__AIM OF THE EXERCISE__: Type the entries out again exactly as they read, but leave every picture behind.
━━━━━━━━━━━━━━━━━━━━
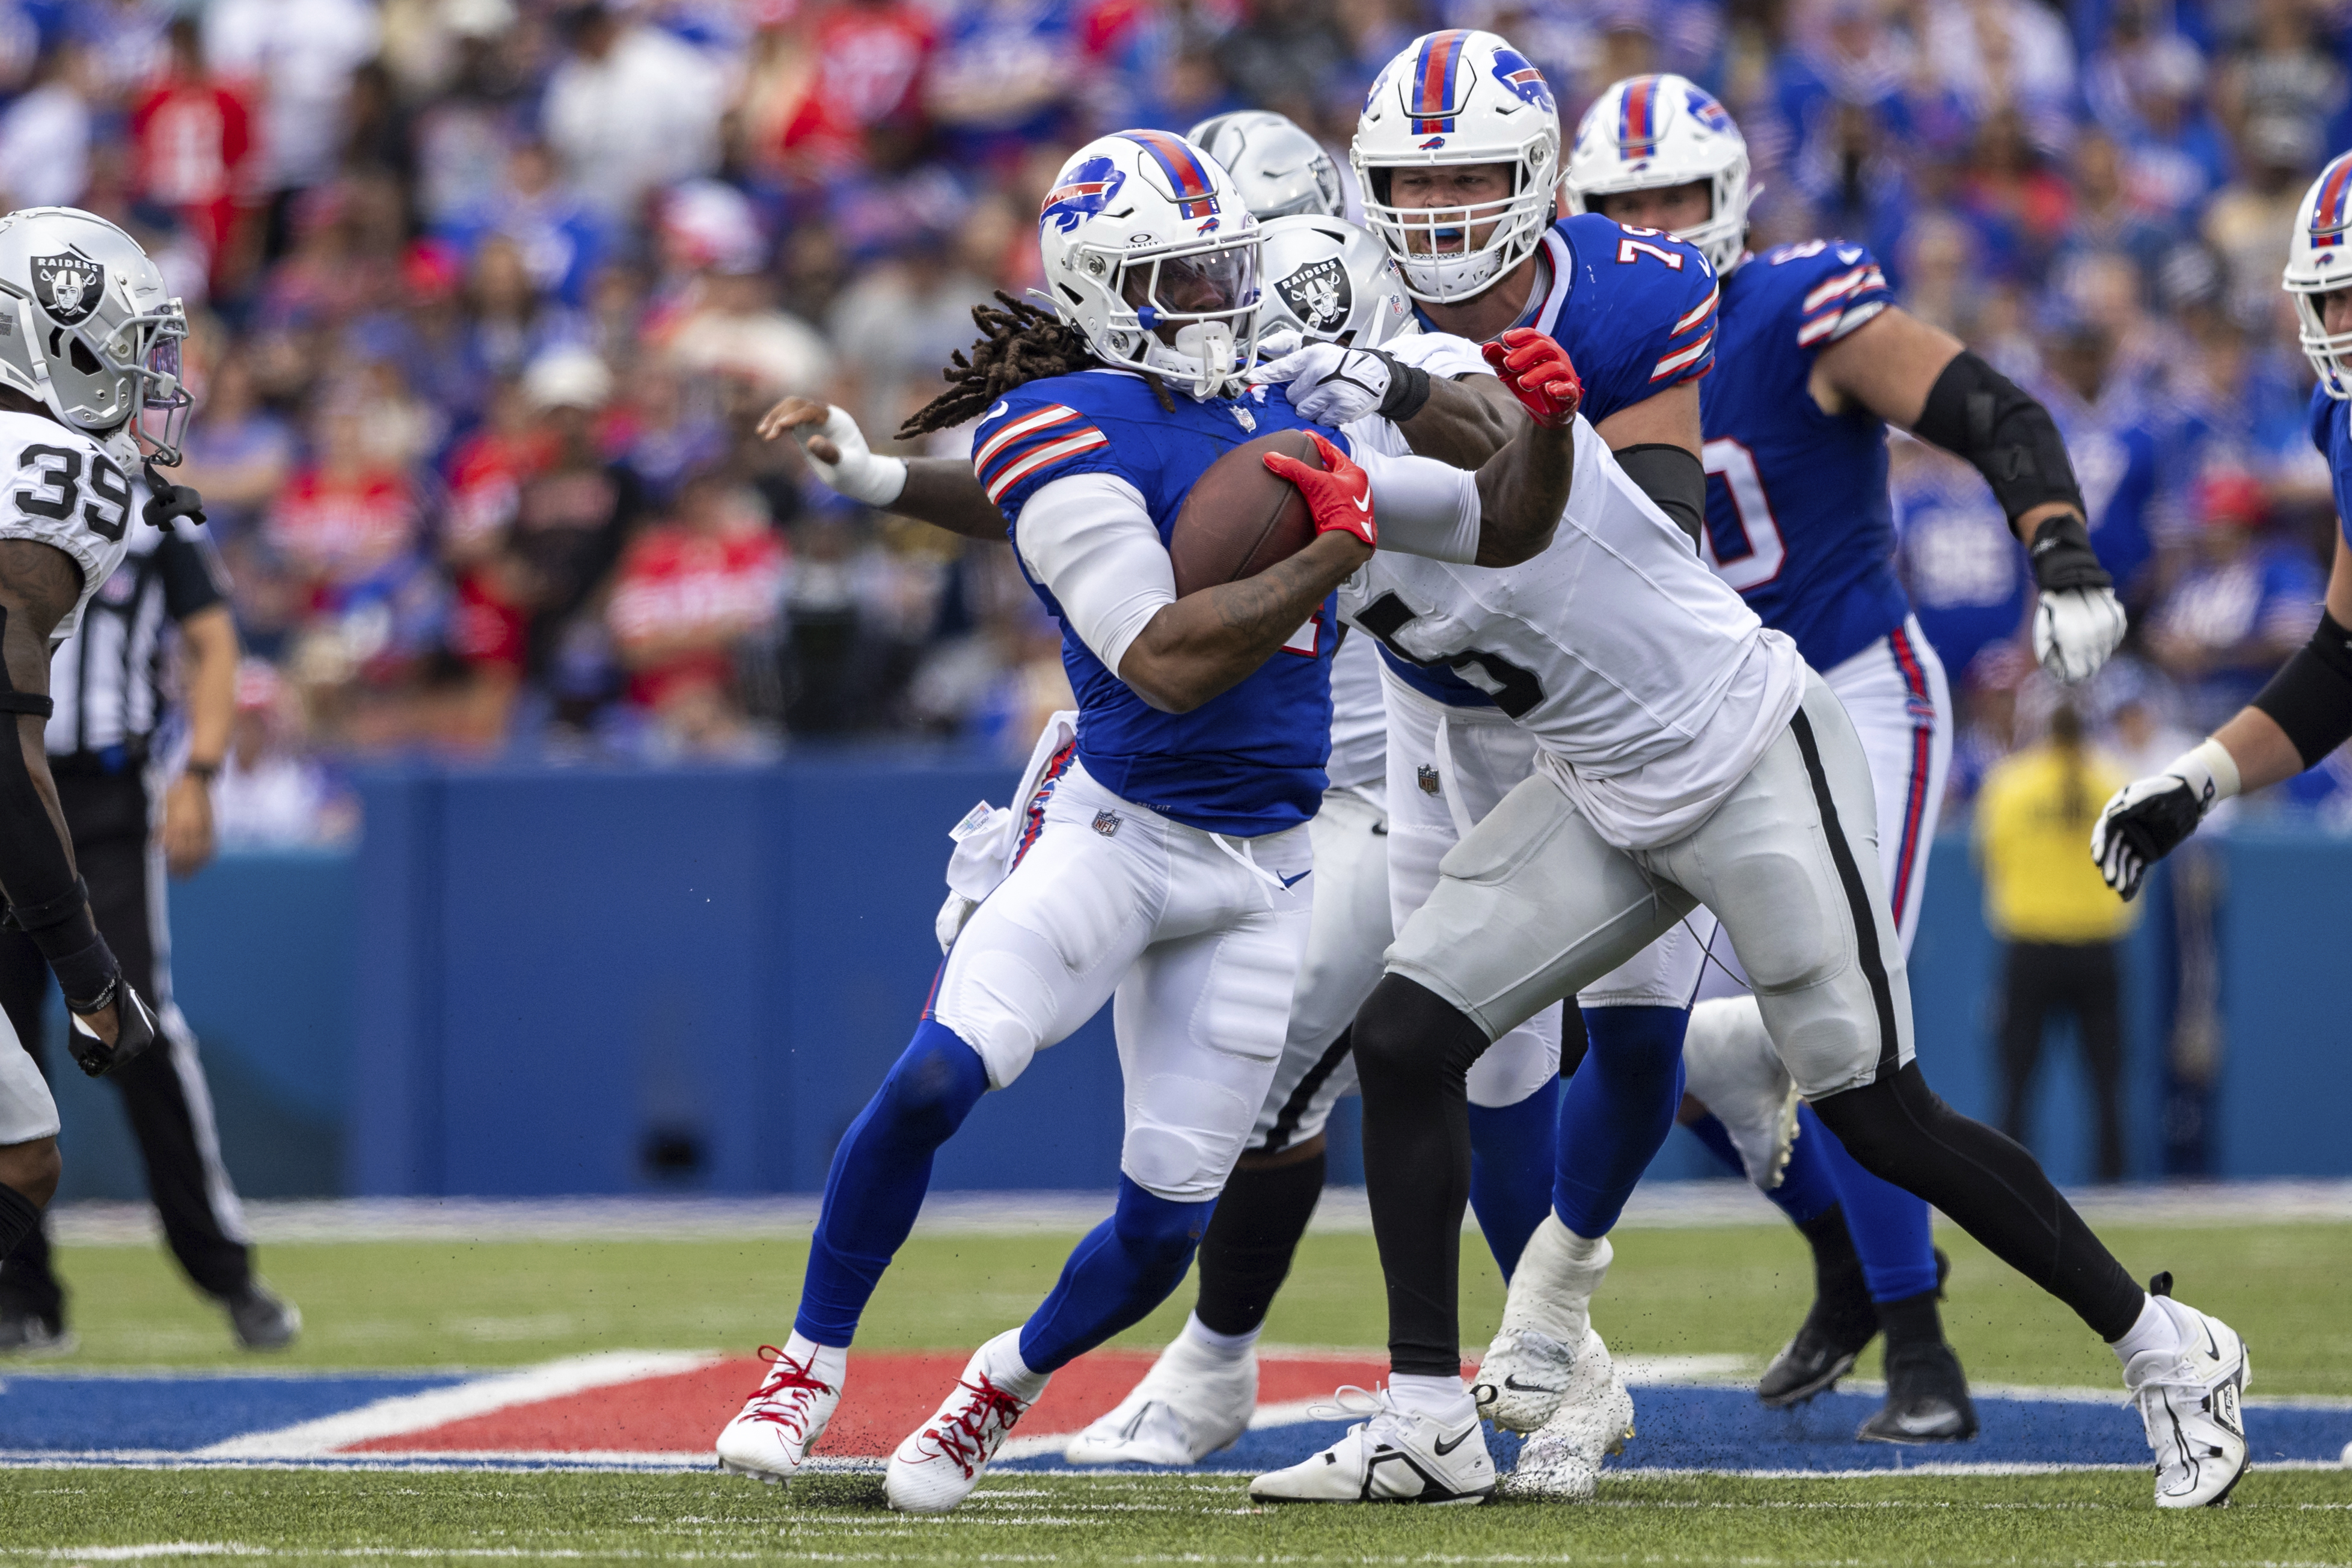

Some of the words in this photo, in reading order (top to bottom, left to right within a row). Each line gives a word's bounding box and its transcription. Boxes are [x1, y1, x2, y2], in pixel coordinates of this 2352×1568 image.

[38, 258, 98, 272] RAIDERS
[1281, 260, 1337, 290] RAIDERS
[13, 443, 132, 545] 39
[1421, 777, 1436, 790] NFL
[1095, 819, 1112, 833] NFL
━━━━━━━━━━━━━━━━━━━━
__TASK OUTPUT__:
Some of the words in this photo, in reading order (top to bottom, left to right within a row). Each line gives a word's bounding box and its transcription. Boxes are [x1, y1, x2, y2], in pixel coordinates of this 2352×1568 image.

[38, 258, 98, 272] RAIDERS
[1281, 260, 1337, 290] RAIDERS
[13, 443, 132, 545] 39
[1421, 777, 1436, 790] NFL
[1095, 819, 1112, 833] NFL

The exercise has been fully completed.